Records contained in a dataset
_ _ _ _ _ _ _

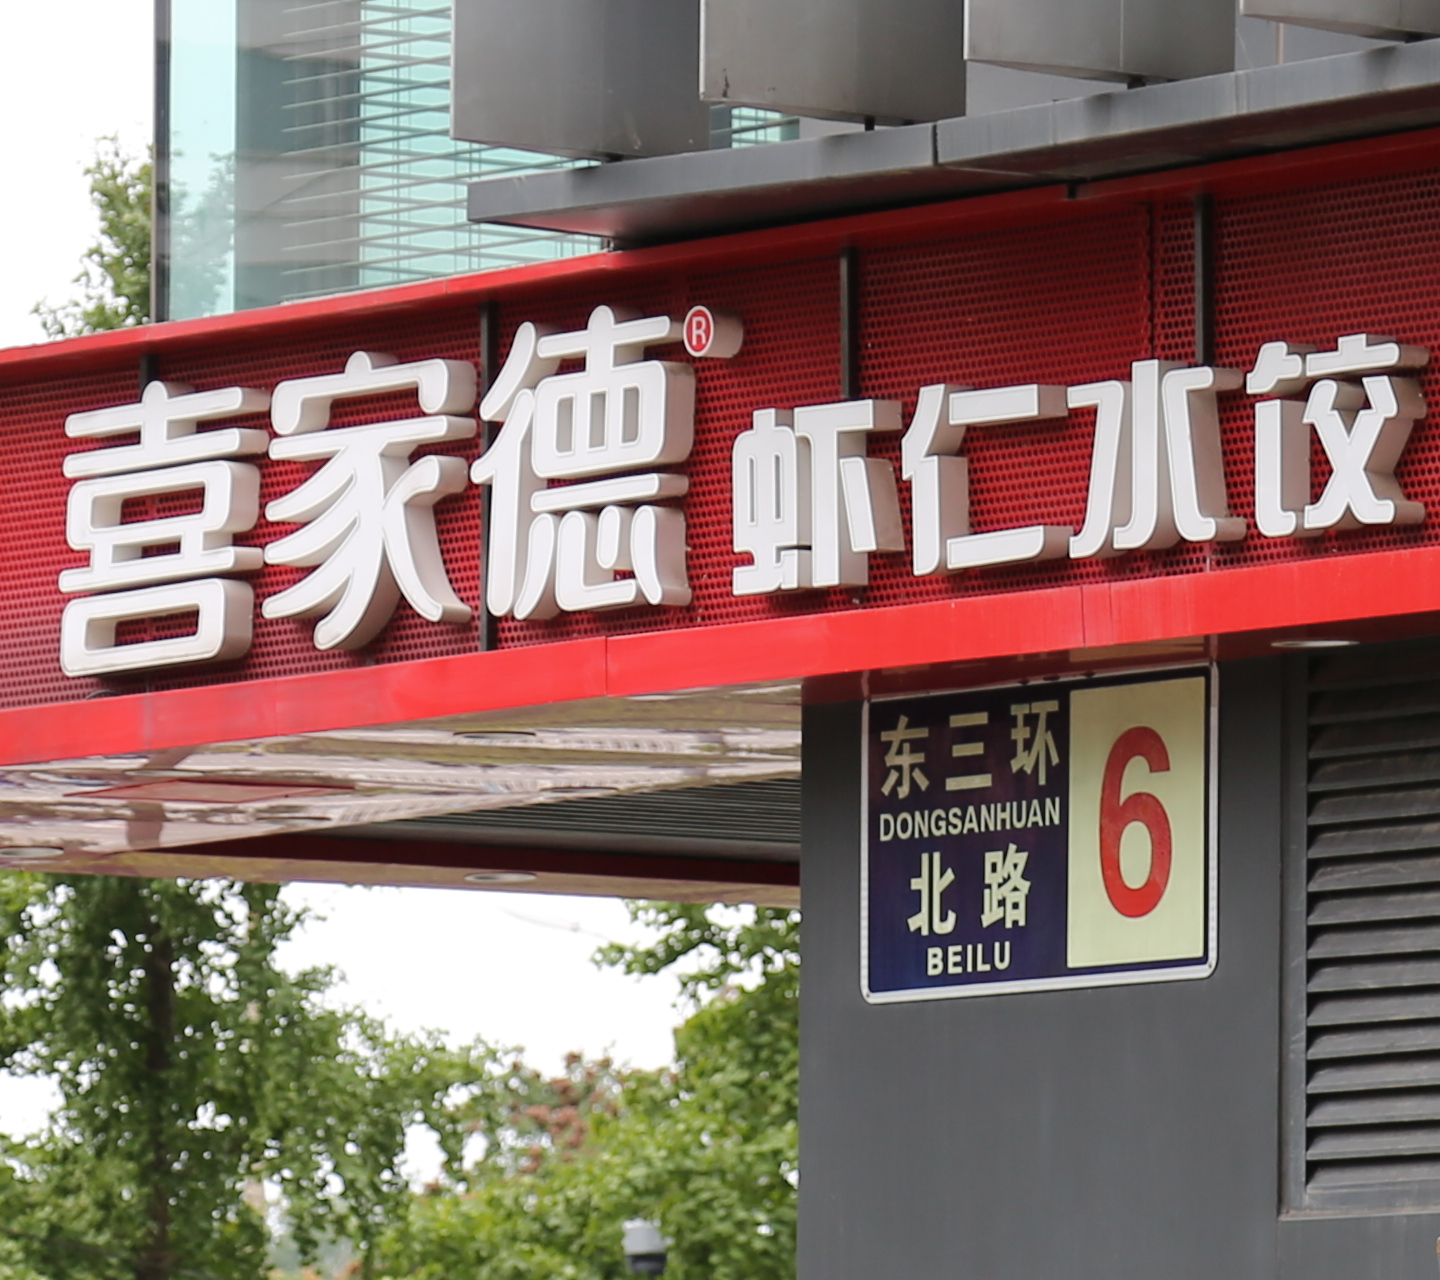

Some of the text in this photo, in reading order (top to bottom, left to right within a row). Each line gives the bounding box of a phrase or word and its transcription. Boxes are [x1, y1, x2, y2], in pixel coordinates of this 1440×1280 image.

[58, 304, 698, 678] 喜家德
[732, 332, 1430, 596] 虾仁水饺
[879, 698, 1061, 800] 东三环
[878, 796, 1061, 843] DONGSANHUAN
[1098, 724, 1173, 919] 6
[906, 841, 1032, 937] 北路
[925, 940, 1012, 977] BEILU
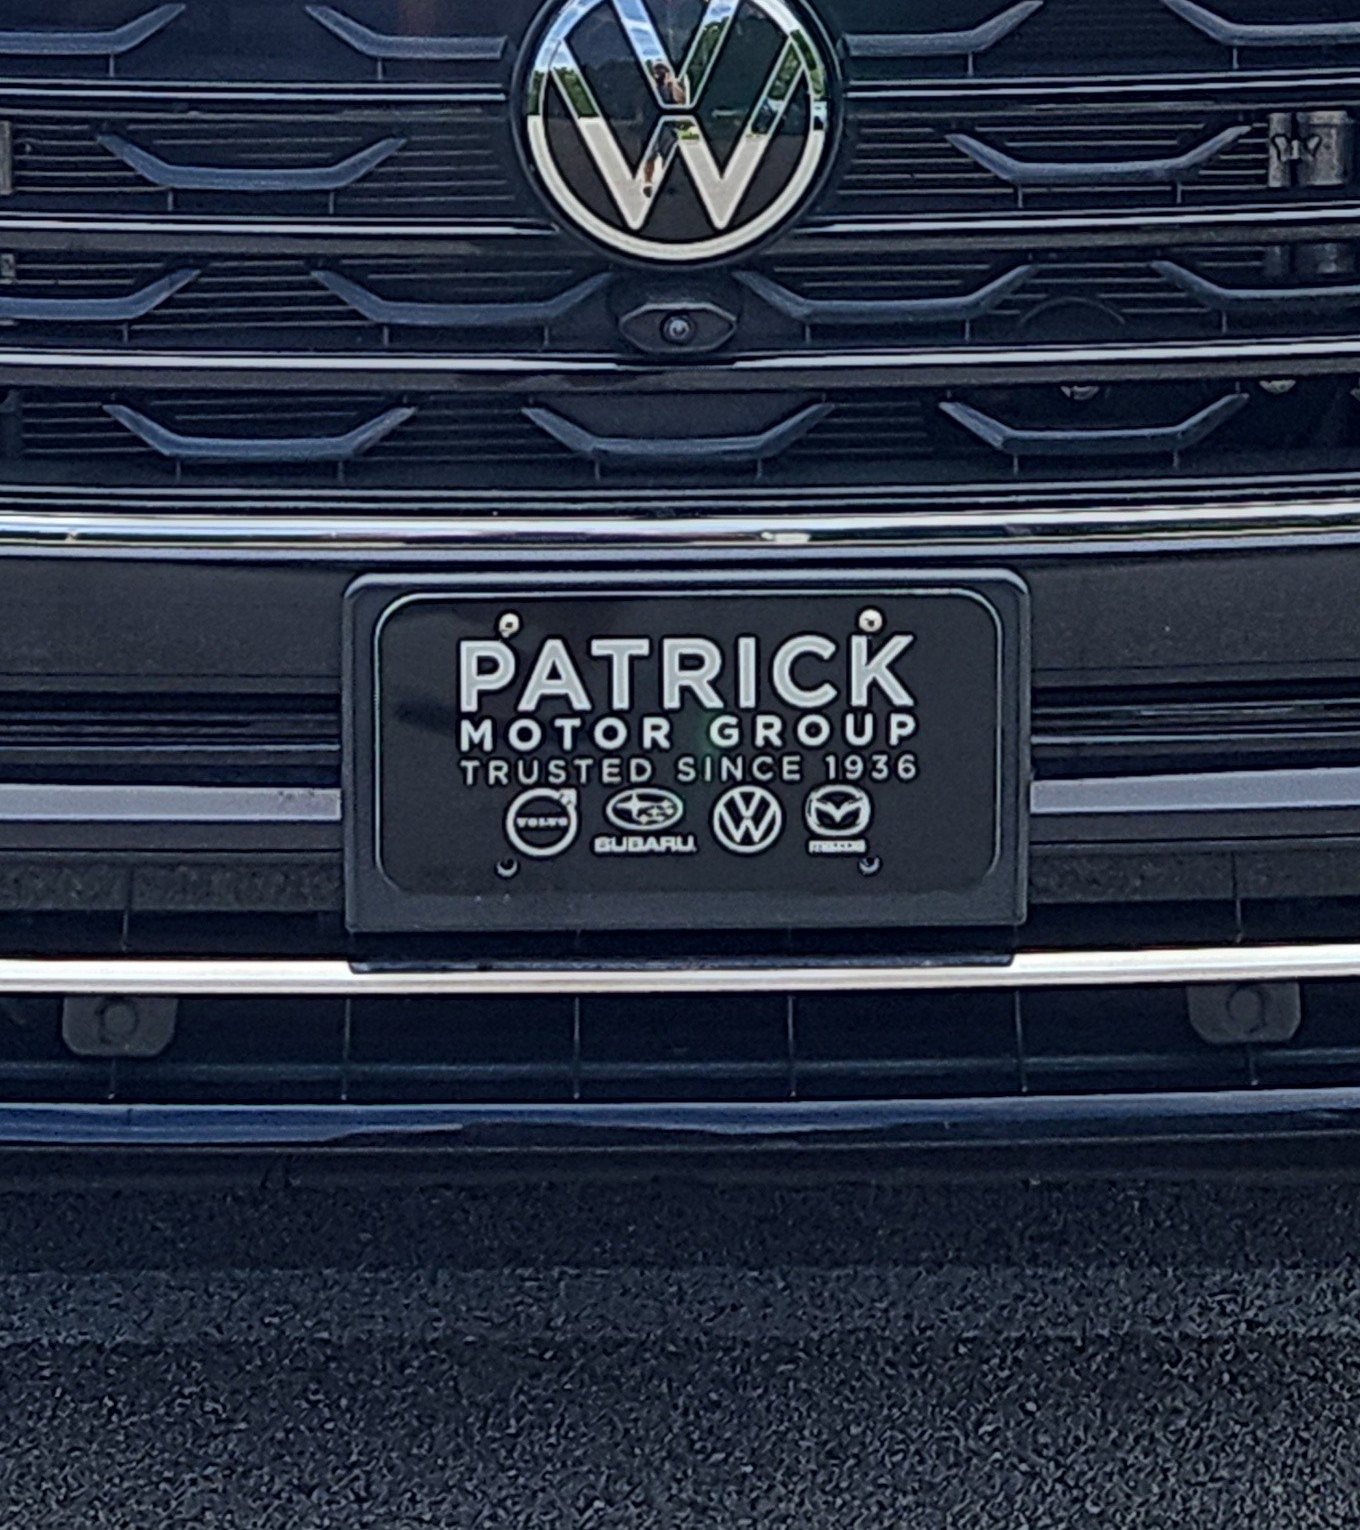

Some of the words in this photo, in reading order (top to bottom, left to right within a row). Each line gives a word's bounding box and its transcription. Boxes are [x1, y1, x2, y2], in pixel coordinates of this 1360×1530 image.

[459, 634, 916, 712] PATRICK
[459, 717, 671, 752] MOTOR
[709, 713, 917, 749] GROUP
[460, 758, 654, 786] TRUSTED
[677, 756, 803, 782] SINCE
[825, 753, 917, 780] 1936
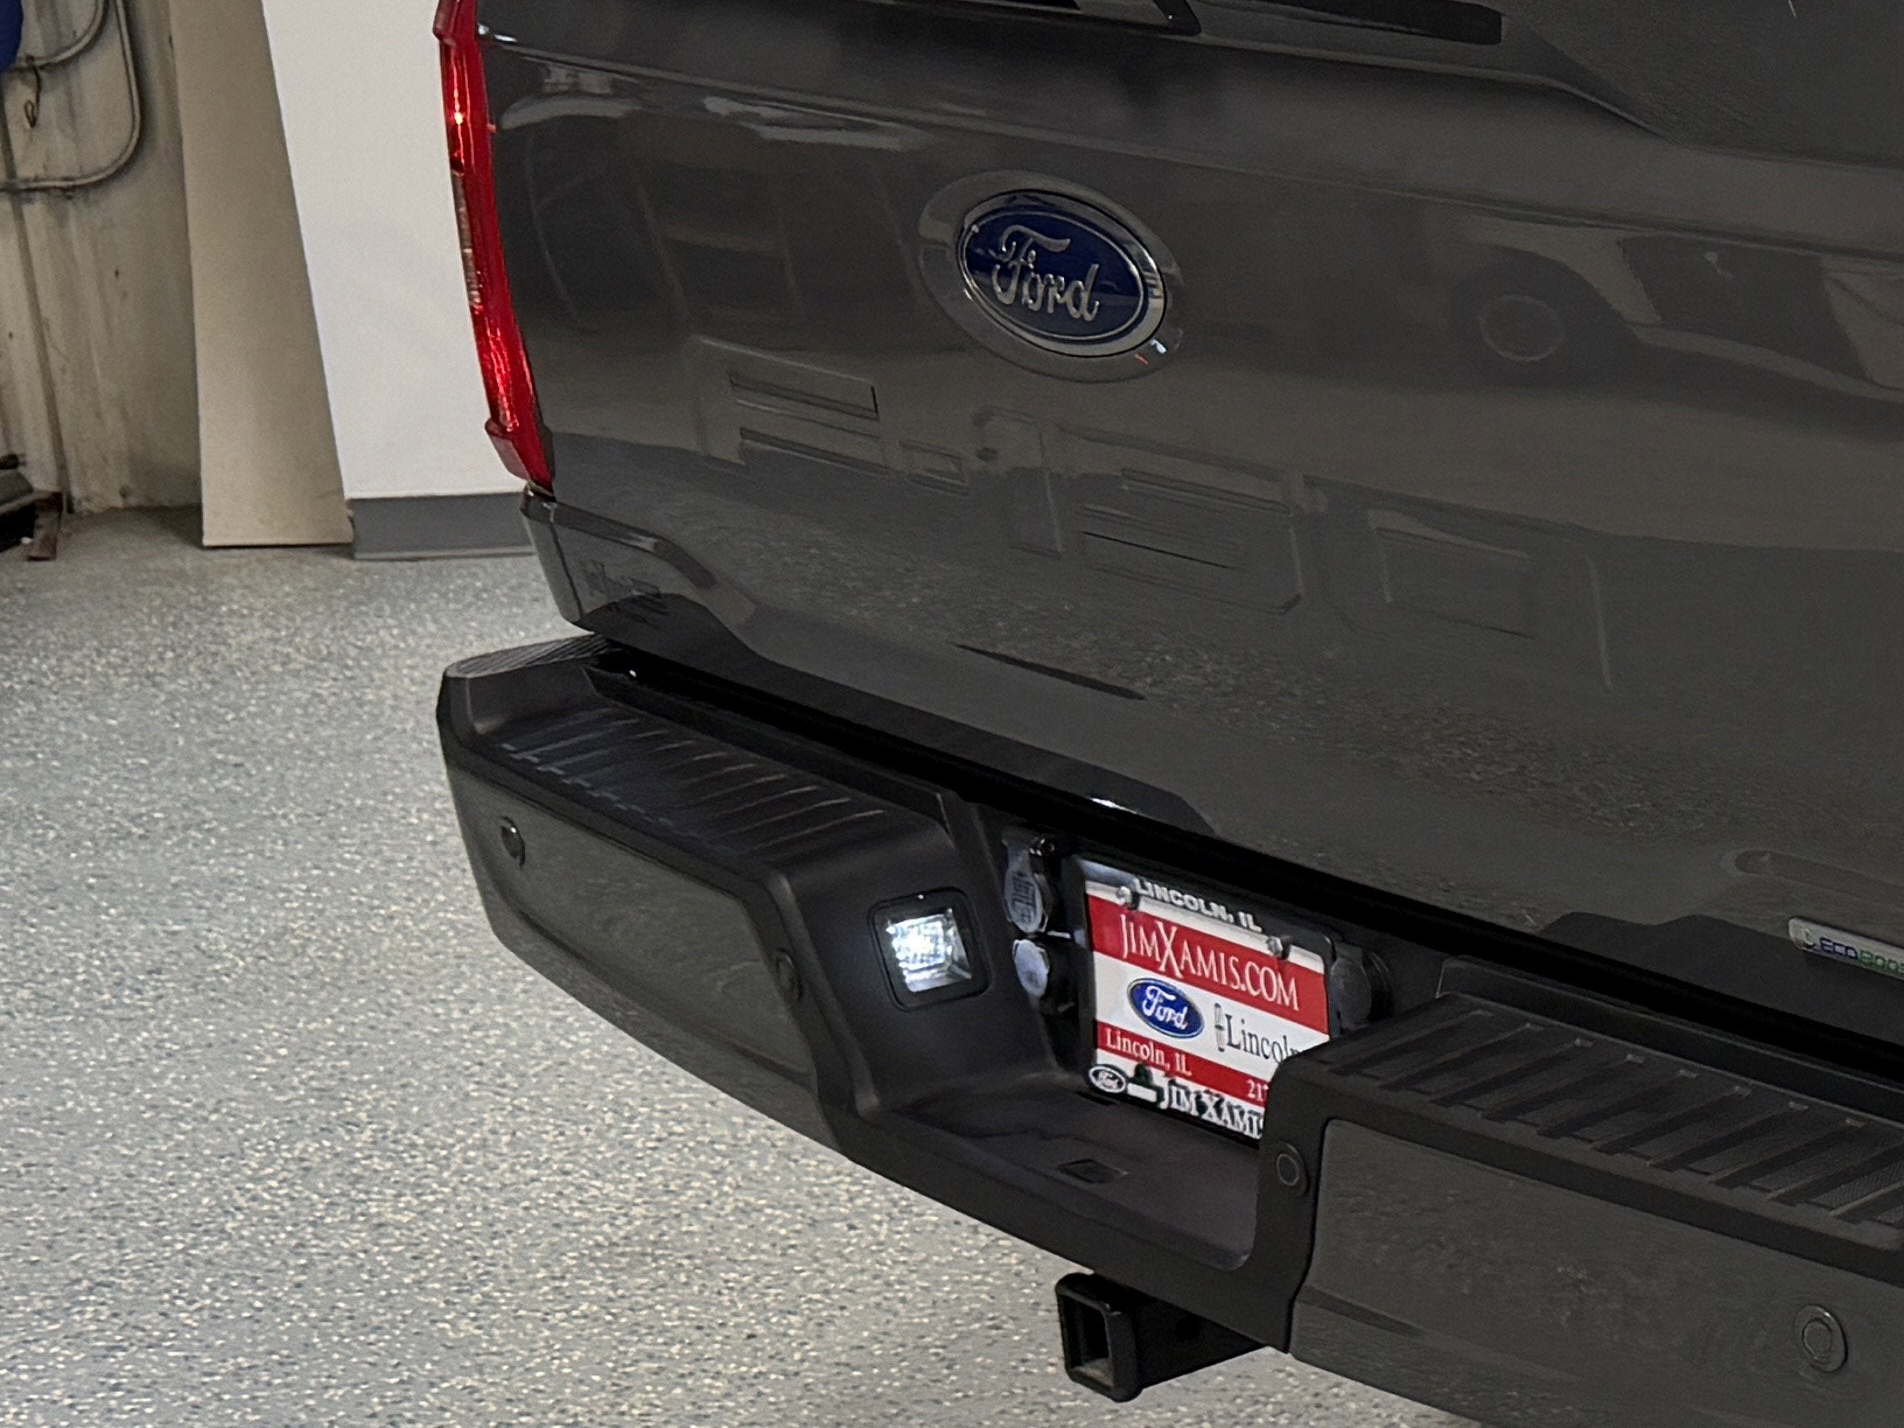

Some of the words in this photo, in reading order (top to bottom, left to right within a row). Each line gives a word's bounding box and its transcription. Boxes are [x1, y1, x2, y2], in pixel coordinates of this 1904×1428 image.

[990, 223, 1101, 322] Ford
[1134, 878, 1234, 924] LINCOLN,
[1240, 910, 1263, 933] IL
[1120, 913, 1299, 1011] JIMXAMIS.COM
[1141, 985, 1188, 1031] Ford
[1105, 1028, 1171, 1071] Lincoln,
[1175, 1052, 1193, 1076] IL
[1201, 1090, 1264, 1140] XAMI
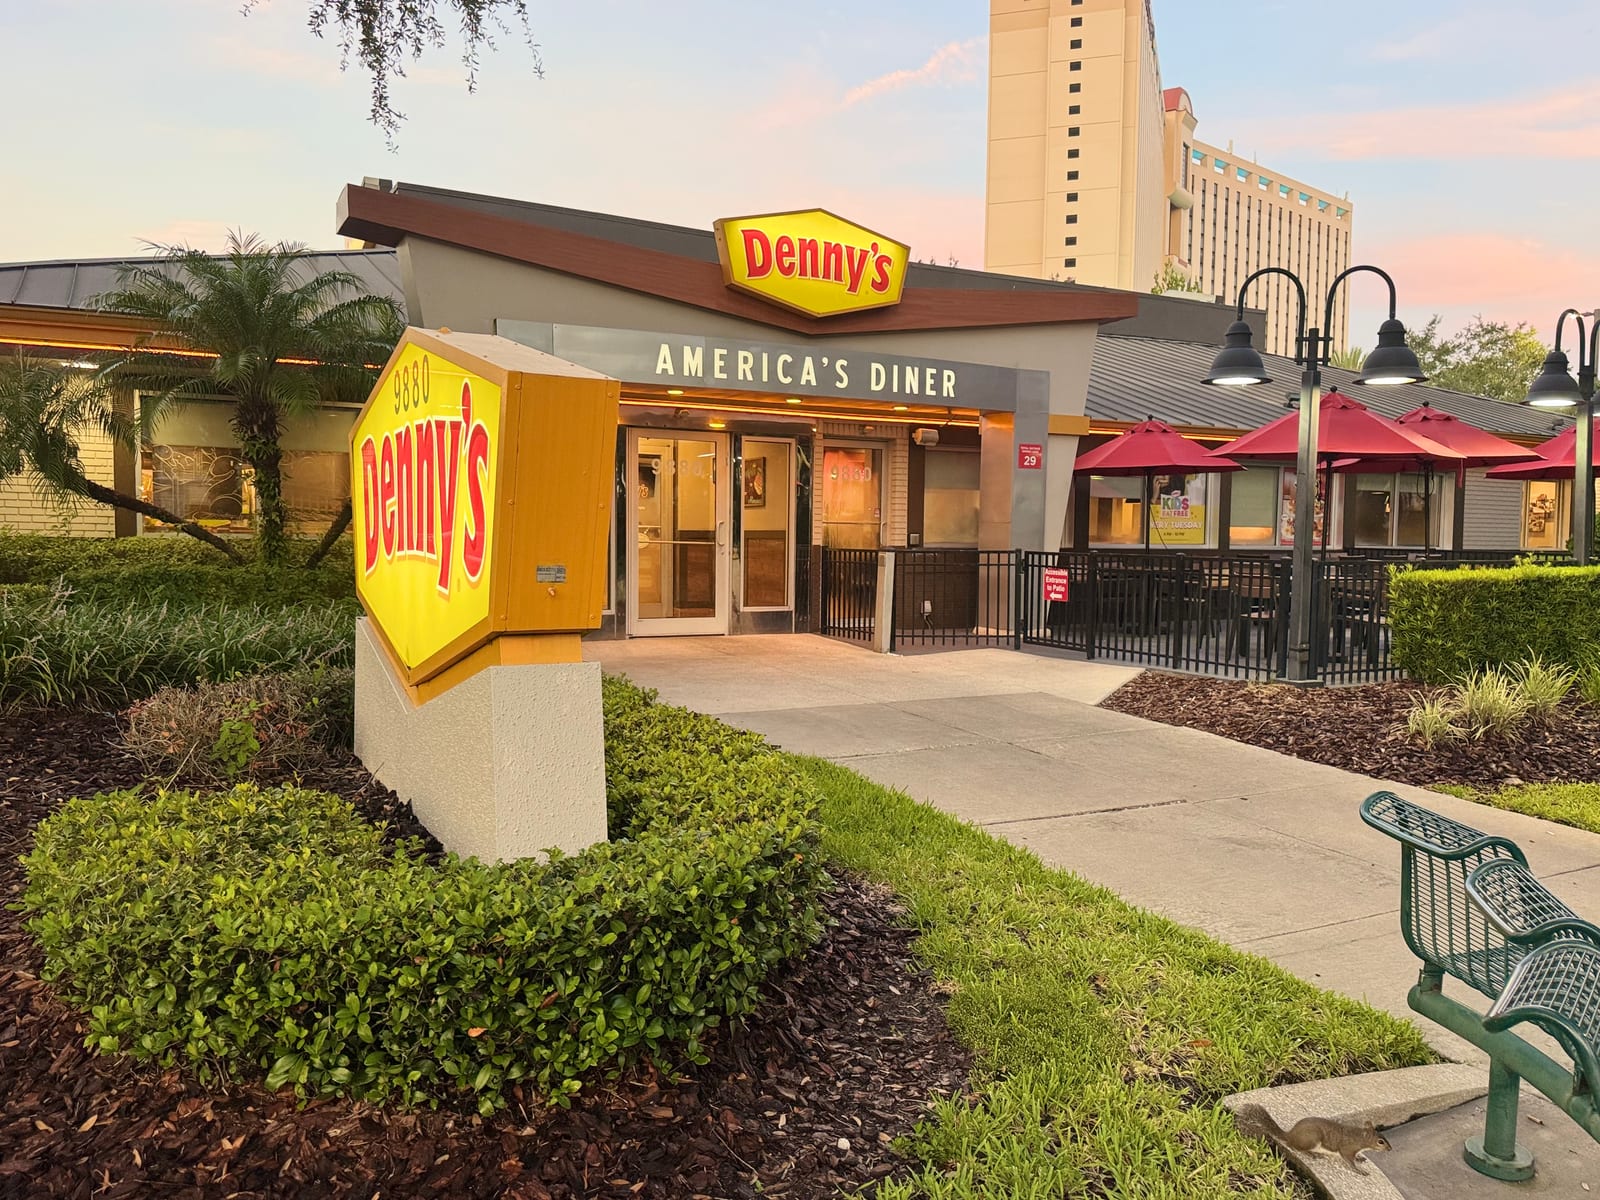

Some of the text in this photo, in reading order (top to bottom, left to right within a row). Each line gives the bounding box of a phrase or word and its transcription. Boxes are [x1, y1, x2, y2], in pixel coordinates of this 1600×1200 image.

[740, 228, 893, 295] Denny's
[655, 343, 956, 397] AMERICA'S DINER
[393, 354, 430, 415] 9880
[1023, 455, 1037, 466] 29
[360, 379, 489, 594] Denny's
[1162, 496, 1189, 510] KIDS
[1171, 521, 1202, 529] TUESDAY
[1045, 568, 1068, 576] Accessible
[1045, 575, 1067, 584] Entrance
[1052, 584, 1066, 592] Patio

_ _ _ _ _ _ _

Activity
Repeat every record above exactly. Omit the pictures.

Output of the exercise
Some of the text in this photo, in reading order (top to bottom, left to right within a row). Each line gives the bounding box of a phrase or word and its transcription. Boxes are [x1, y1, x2, y2], in pixel coordinates of this 1440×1280 image.

[58, 304, 698, 678] 喜家德
[732, 332, 1430, 596] 虾仁水饺
[879, 698, 1061, 800] 东三环
[878, 796, 1061, 843] DONGSANHUAN
[1098, 724, 1173, 919] 6
[906, 841, 1032, 937] 北路
[925, 940, 1012, 977] BEILU

Some of the words in this photo, in reading order (top to bottom, left to right within a row). Each line gives a word's bounding box and its transcription. Boxes are [x1, y1, x2, y2], in pixel coordinates of this 1360×1530 image.

[459, 634, 916, 712] PATRICK
[459, 717, 671, 752] MOTOR
[709, 713, 917, 749] GROUP
[460, 758, 654, 786] TRUSTED
[677, 756, 803, 782] SINCE
[825, 753, 917, 780] 1936

Some of the words in this photo, in reading order (top to bottom, left to right within a row). Each line gives a word's bounding box and its transcription. Boxes are [x1, y1, x2, y2], in pixel coordinates of this 1904×1428 image.

[990, 223, 1101, 322] Ford
[1134, 878, 1234, 924] LINCOLN,
[1240, 910, 1263, 933] IL
[1120, 913, 1299, 1011] JIMXAMIS.COM
[1141, 985, 1188, 1031] Ford
[1105, 1028, 1171, 1071] Lincoln,
[1175, 1052, 1193, 1076] IL
[1201, 1090, 1264, 1140] XAMI

Some of the text in this photo, in reading order (top to bottom, left to right within a row). Each line gives the bounding box of a phrase or word and its transcription. Boxes are [x1, y1, x2, y2], in pixel coordinates of this 1600×1200 image.

[740, 228, 893, 295] Denny's
[655, 343, 956, 397] AMERICA'S DINER
[393, 354, 430, 415] 9880
[1023, 455, 1037, 466] 29
[360, 379, 489, 594] Denny's
[1162, 496, 1189, 510] KIDS
[1171, 521, 1202, 529] TUESDAY
[1045, 568, 1068, 576] Accessible
[1045, 575, 1067, 584] Entrance
[1052, 584, 1066, 592] Patio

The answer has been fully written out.